Подобная формулировка содержания технократической тенденции позволяет установить
её тесную связь с рассмотренной выше меритокртатической тенденцией в теоретическом
наследии гуманистов эпохи Возрождения в области образования высшего порядка. В то
же время, меритократическая тенденция в теоретическом наследии гуманистов имеет и
большое самостоятельное значение.
В своих теоретических построениях гуманисты исходили из обратно иерархической
логики конструирования образовательных систем. Дело в том, что на поздних этапах
Возрождения, когда гуманизм занял прочные позиции в университетском образовании, а
такое явление, как университетчик-гуманист стало весьма распространённым, последними
часто создались работы, в которых можно найти развернутые теоретические разработки,
затрагивающие многие вопросы организации и содержания образования. Ярким примером
подобного сочинения может служить трактат английского гуманиста-университетчика
Роджера Ашама “Школьный учитель”, появившийся в первой половине XVI в. и
опубликованный после смерти автора. В нём автор последовательно излагает свои
взгляды на организацию и содержание школьного образования с позиций члена
университетской корпорации, перенося, тем самым, на школу ряд основополагающих
принципов, выступающих фундаментом образования высшего порядка, осуществляемого
в рамках университетской организации.
Наступление Реформации поставило перед теоретиками образования высшего порядка ряд
проблем и стимулировало появление новой волны в теоретической мысли обращённой к
проблемам образования высшего порядка. Наиболее крупной проблемой был раскол в
христианском мире, ослабление, а местами, прекращение действия верховной санкции
универсальной власти в лице римского престола. В сложившейся ситуации теоретикам
предстояло “заново придумать некий смысл бытия”. Первым откликнулся на Вызов
времени Мартин Лютер, его идеи были развиты и приведены в стройную систему его же
товарищем профессором Филиппом Меланхтоном. Центральными идеями системы
Лютера-Меланхтона были: признание определяющего значения для образования высшего
порядка частных инициатив; передача прав на санкцию и патрональных функций от
католической иерархии к местным властям и руководству религиозных общин.
Протестантские теоретики обращаются к поступательно иерархической логике
конструирования образовательных систем, которая воплотилась в образовательном
строительстве, развернувшемся сразу после окончания Тридцатилетней войны.
Вновь создаваемая система образования строилась как система школьного образования.
Школа выступала в качестве её основной структурной единицы. Создаваемая система
образования представляла собой иерархию школ, объединённых общностью
педагогической парадигмы. При таком раскладе, университет выносился за пределы
базовой структуры образовательной метасистемы и парадигмально противопоставлялся
ей.
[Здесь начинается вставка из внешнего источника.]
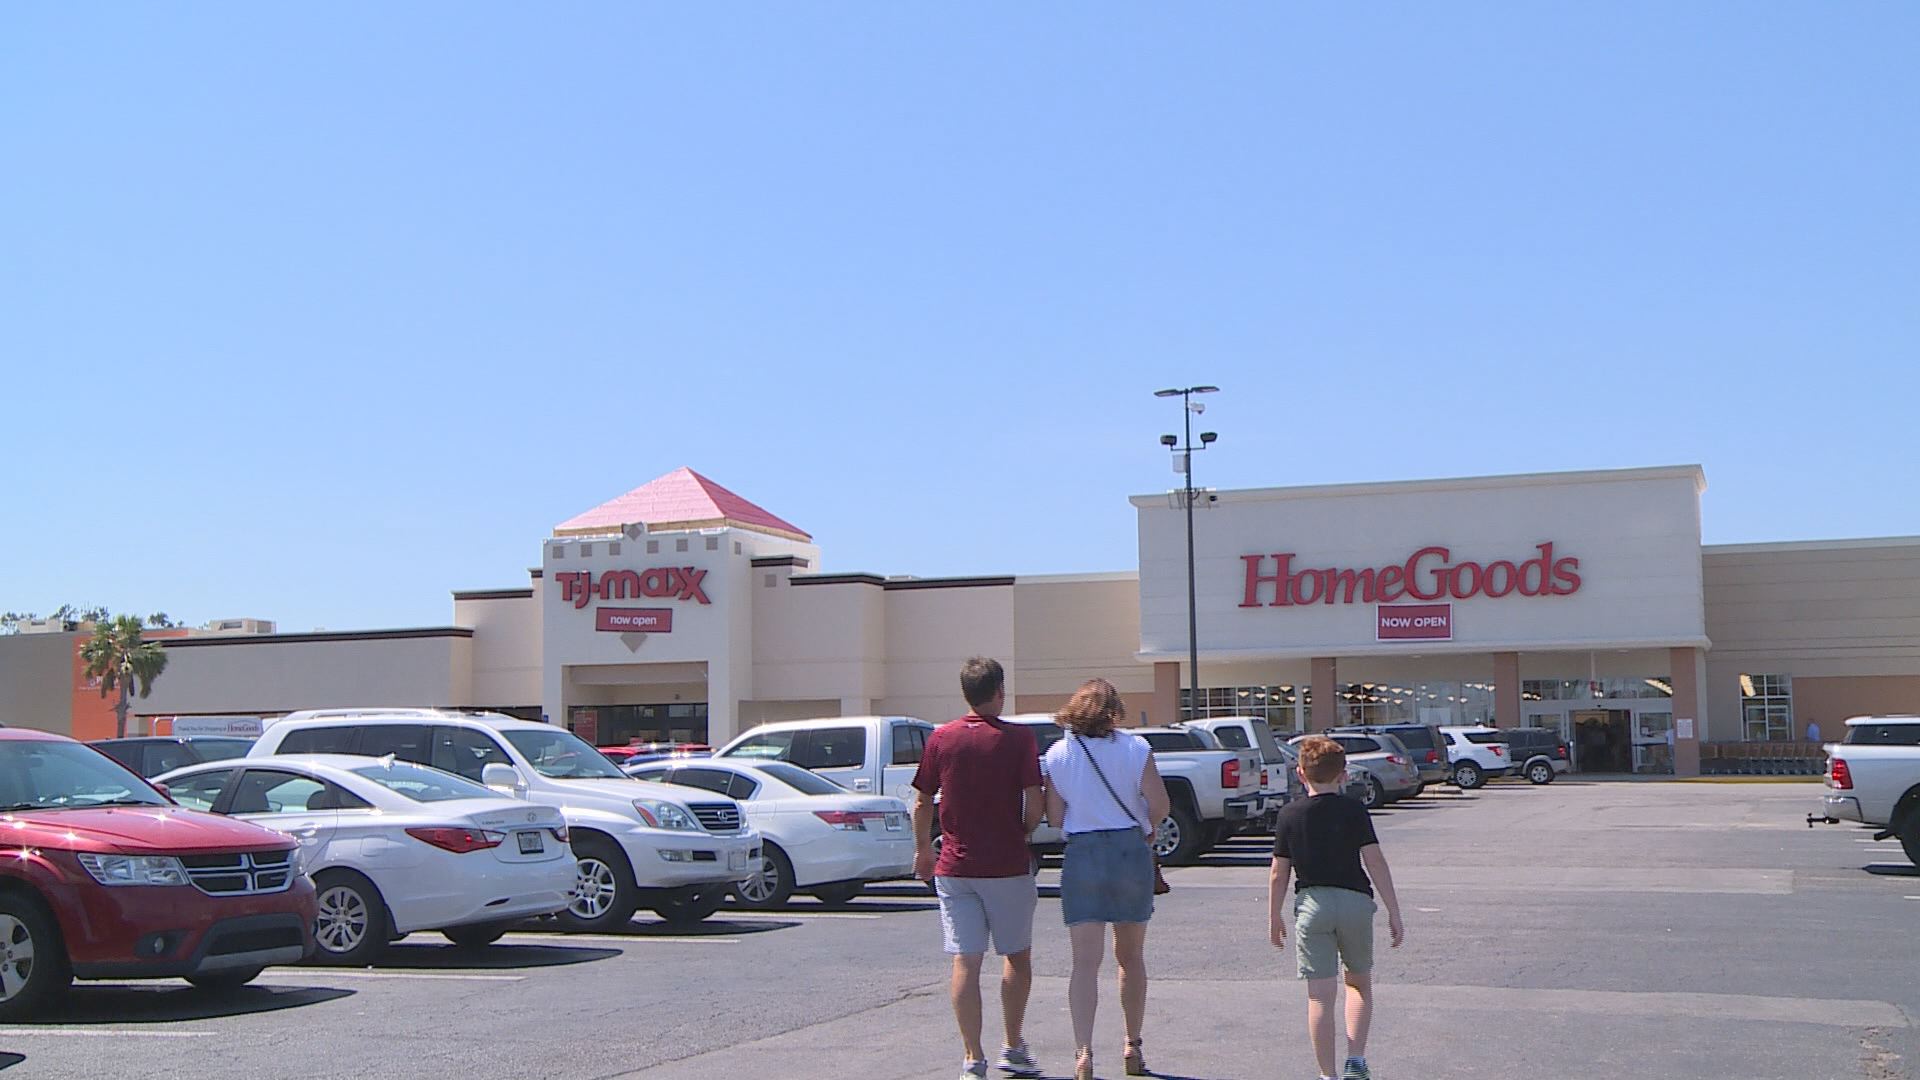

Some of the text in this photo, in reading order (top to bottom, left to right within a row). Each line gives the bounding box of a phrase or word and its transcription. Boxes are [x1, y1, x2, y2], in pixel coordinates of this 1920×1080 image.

[1238, 541, 1581, 608] HomeGoods
[610, 616, 656, 626] now open
[1381, 617, 1447, 628] NOW OPEN
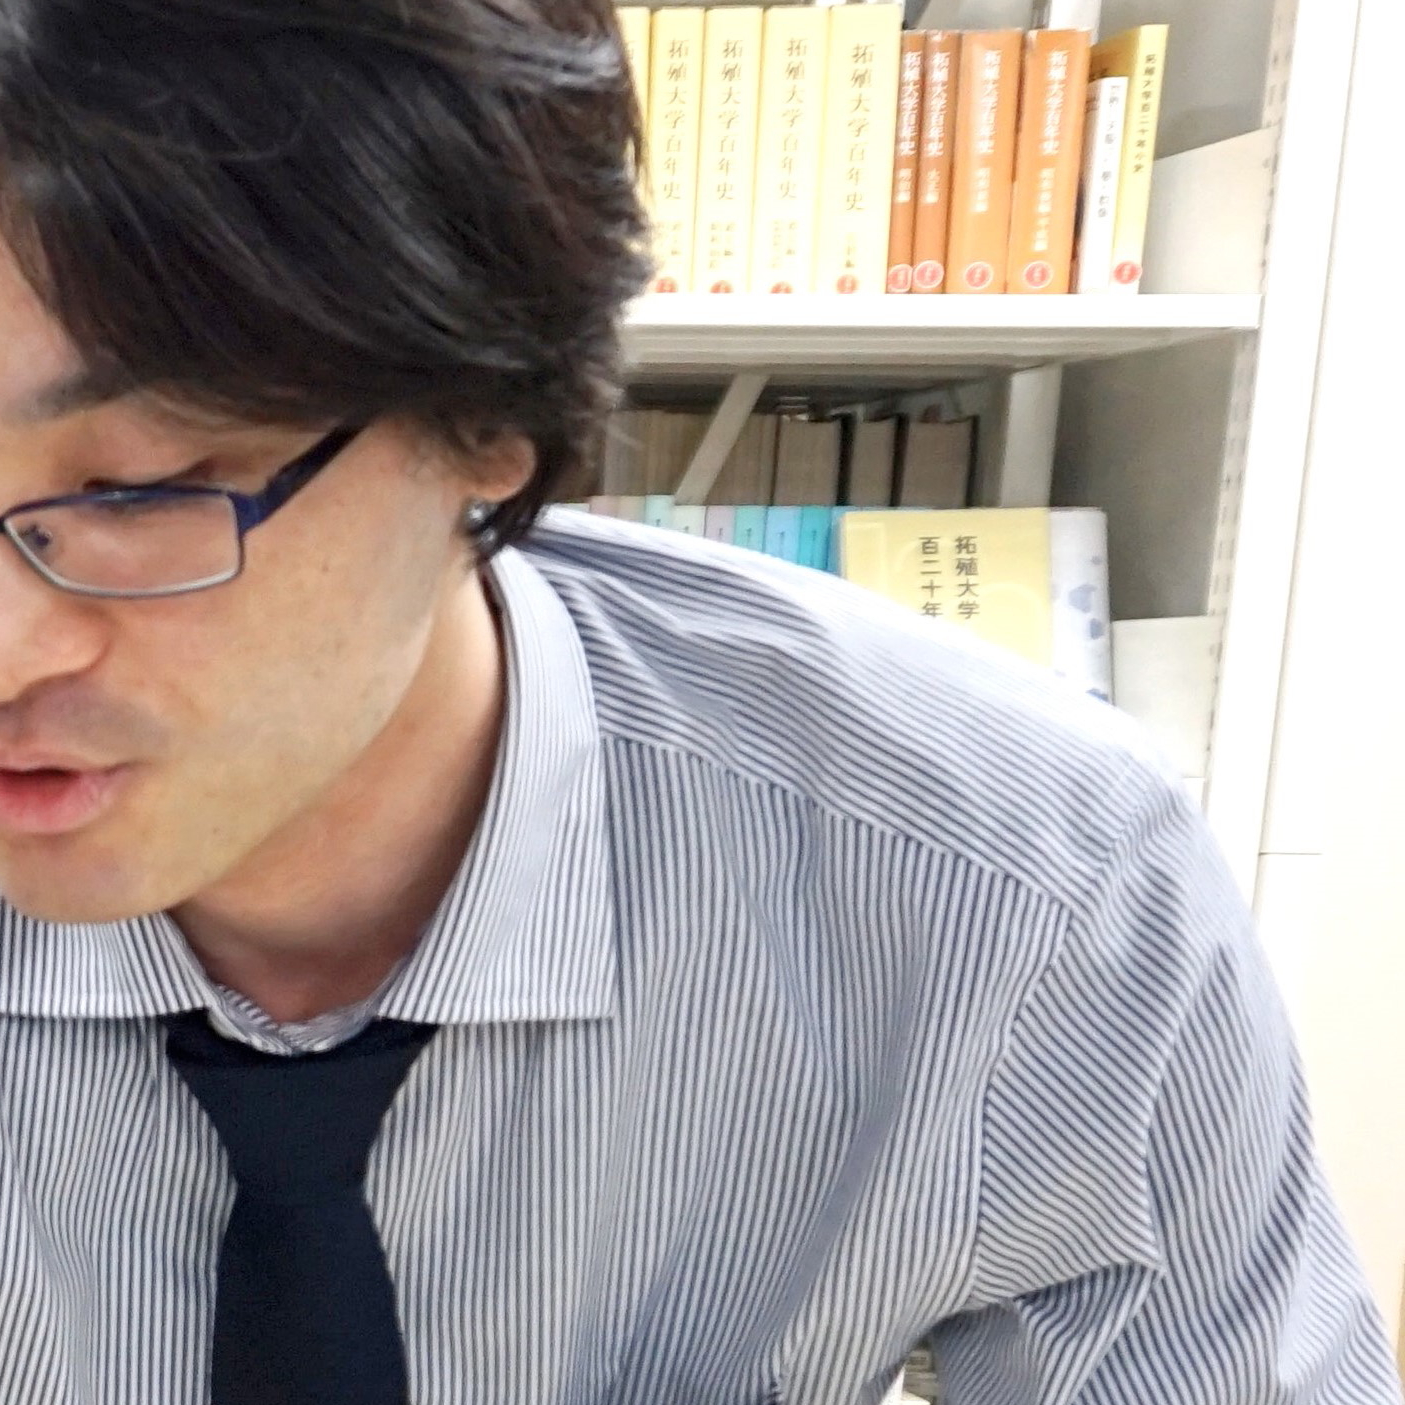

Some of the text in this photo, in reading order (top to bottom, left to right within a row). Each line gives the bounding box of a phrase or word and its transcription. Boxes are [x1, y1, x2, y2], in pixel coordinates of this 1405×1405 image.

[663, 39, 689, 200] 拓殖大学百年史
[717, 39, 743, 200] 拓殖大学百年史
[779, 38, 808, 200] 拓殖大学百年史
[845, 43, 876, 211] 拓殖大学百年史
[926, 50, 952, 157] 拓殖大学百年史
[977, 50, 1002, 155] 拓殖大学百年史
[1041, 50, 1068, 155] 拓殖大学百年史
[919, 535, 943, 618] 百二十年
[955, 535, 980, 620] 拓殖大学
Для теории образования высшего порядка это имело последствием использование при
разработке теоретических вопросов образования высшего порядка представлений,
терминов, методологического инструментария используемых для решения сходных задач
в системе школьного образования.
Тогда же в теории образования высшего порядка закрепляется принцип двухуровневости,
согласно которому программа артистического факультета делилась между двумя
уровнями образовательной метасистемы. Речь идёт о том, что гимназию, исходя из
содержания обеспечиваемого ей образования, следует относить к системе
университетского образования. Следствием этого стало размывание функционального и
структурного статуса собственно артистического факультета. Под действием описанных
трансформаций произошло переосмысление роли и значения факультета “свободных
искусств” в рамках университетской организации. Новое понимание места артистического
факультета и получаемого на нём образования в университетской организации связано с
преобразованием его в философский факультет, на которого возлагалась обязанность
подготовки специалистов-преподавателей, как для самого университета, так и для
внешних по отношению к нему учебных заведений. Функция подготовительного,
общеобразовательного обучения, направленного, в том числе, и на компенсацию
обозначившегося разрыва между школьным и университетским образованием.
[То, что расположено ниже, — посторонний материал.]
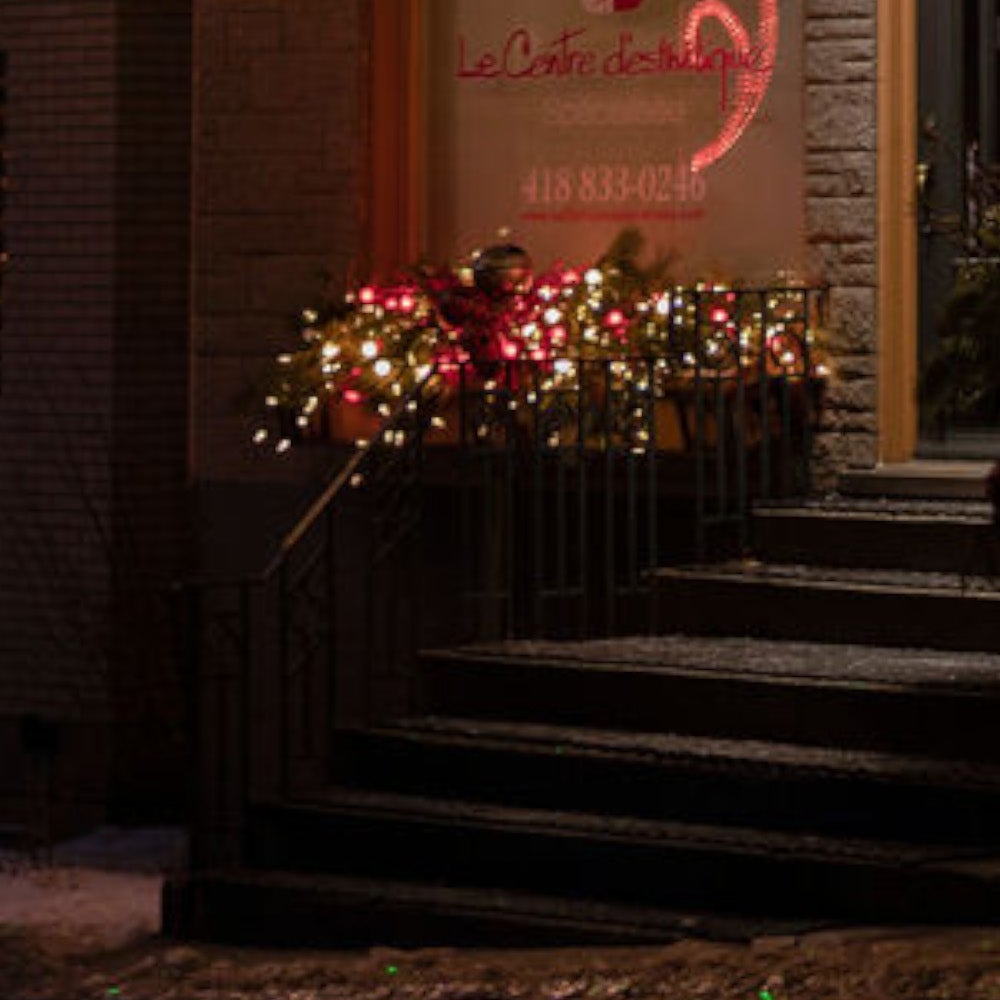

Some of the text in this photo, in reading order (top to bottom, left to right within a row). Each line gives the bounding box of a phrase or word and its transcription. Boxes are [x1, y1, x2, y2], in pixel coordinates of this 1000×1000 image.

[456, 35, 498, 78] Le
[502, 27, 597, 78] Centre
[521, 166, 572, 204] 418
Наиболее полное и законченное воплощение гуманистические и реформационные идеи и
принципы нашли в концепции университета, содержащейся в сочинениях Яна Амоса
Коменского. Коменским была создана поистине эпохальная концепция университета,
определившая развитие системы университетского образования более чем на двести лет.
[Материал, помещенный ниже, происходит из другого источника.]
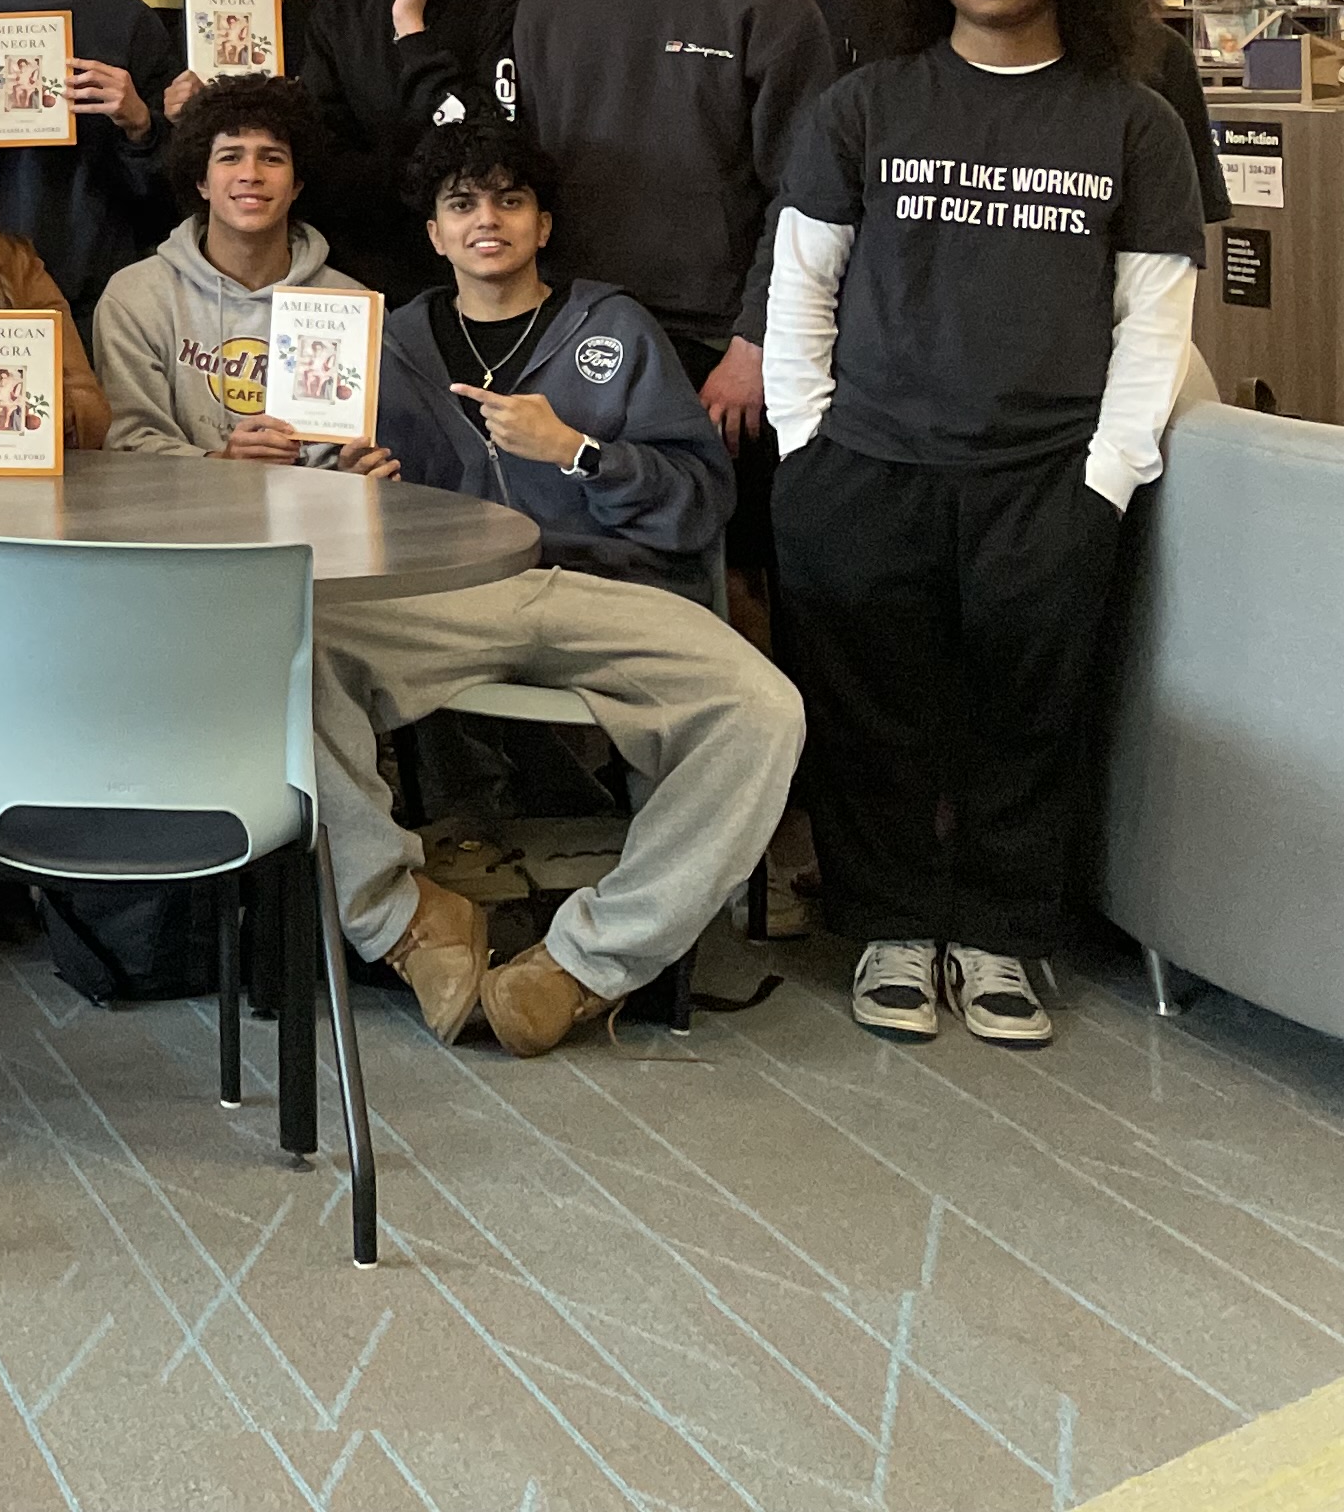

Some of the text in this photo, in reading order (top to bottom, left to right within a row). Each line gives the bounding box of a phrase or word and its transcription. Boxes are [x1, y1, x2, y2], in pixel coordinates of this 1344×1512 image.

[0, 39, 46, 49] NEGRA
[1225, 129, 1279, 146] Non-Fiction
[880, 158, 1114, 201] I DON'T LIKE WORKING
[896, 195, 1091, 235] OUT CUZ IT HURTS.
[279, 301, 362, 315] AMERICAN
[293, 318, 346, 331] NEGRA
[178, 338, 249, 378] Hard
[579, 348, 618, 369] Ford
[227, 388, 264, 403] CAFE
Распространённым является мнение, согласно которому Я.А. Коменский предстаёт
создателем современной теории обучения – дидактики. Однако помимо этого, ему
принадлежит честь выступать основоположником теории национальной системы
образования, венцом которой мыслился университет. В концепции Коменского
университет хоть и выступал в качестве завершения национальной системы образования,
но всё таки, он стоял в известном отдалении от основной, школьной системы образования.
Коменский считал, что к научному образованию в университете должна привлекаться
только наиболее талантливая молодёжь, а определение пригодности кандидатов на
получение научного образования признавалась исключительной компетенцией
специальных уполномоченных властями лиц [27]. Нет надобности говорить о том, что это
положение концепции Коменского выдержано в ключе одновременно меритократической
и технократической тенденций.
Концепция университета Я.А. Коменского закрепляет за университетом приоритетную
функцию завершающего звена научного образования, выражающуюся в наделении его
исключительным правом присвоения принятых академических степеней. Сюда же следует
отнести выдвинутое им предложение осуществлять подготовку по программе не только
бакалавреата в “свободных искусствах”, и магистратуры в рамках обучения в гимназии
[28]. Подготовка по магистерской программе осуществлялась в формате дополнительного
образования, построенного на принципах так называемой “тьюторской системы”.
Обращает на себя внимание то положение концепции Коменского, согласно которому
базовая структура национальной системы образования заканчивается на Гимназии, в
другом месте именуемой Школой всеобщей мудрости, или Пансофической школой, под
которой следует понимать Ѕ университетского артистического факультета,
существующего в отрыве от остальной университетской организации. Отметим, что
Коменский ориентировал обучение в Гимназии на получение в дальнейшем её
выпускниками, но уже в процессе получения образования в университет, магистерской
степени [29] (в данном случае речь, по всей видимости идёт о степени магистра
“свободных искусств”). Таким образом, максимальный потолок образования
обеспечиваемого национальной системой образования определялся уровнем Гимназии, а
дальнейшее продолжение образования рассматривалось как сверх ординарное, сверх
максимальное, и потому выходящее за пределы обязательного, жизненно необходимого
для нужд как отдельного человека, так и для общества в целом.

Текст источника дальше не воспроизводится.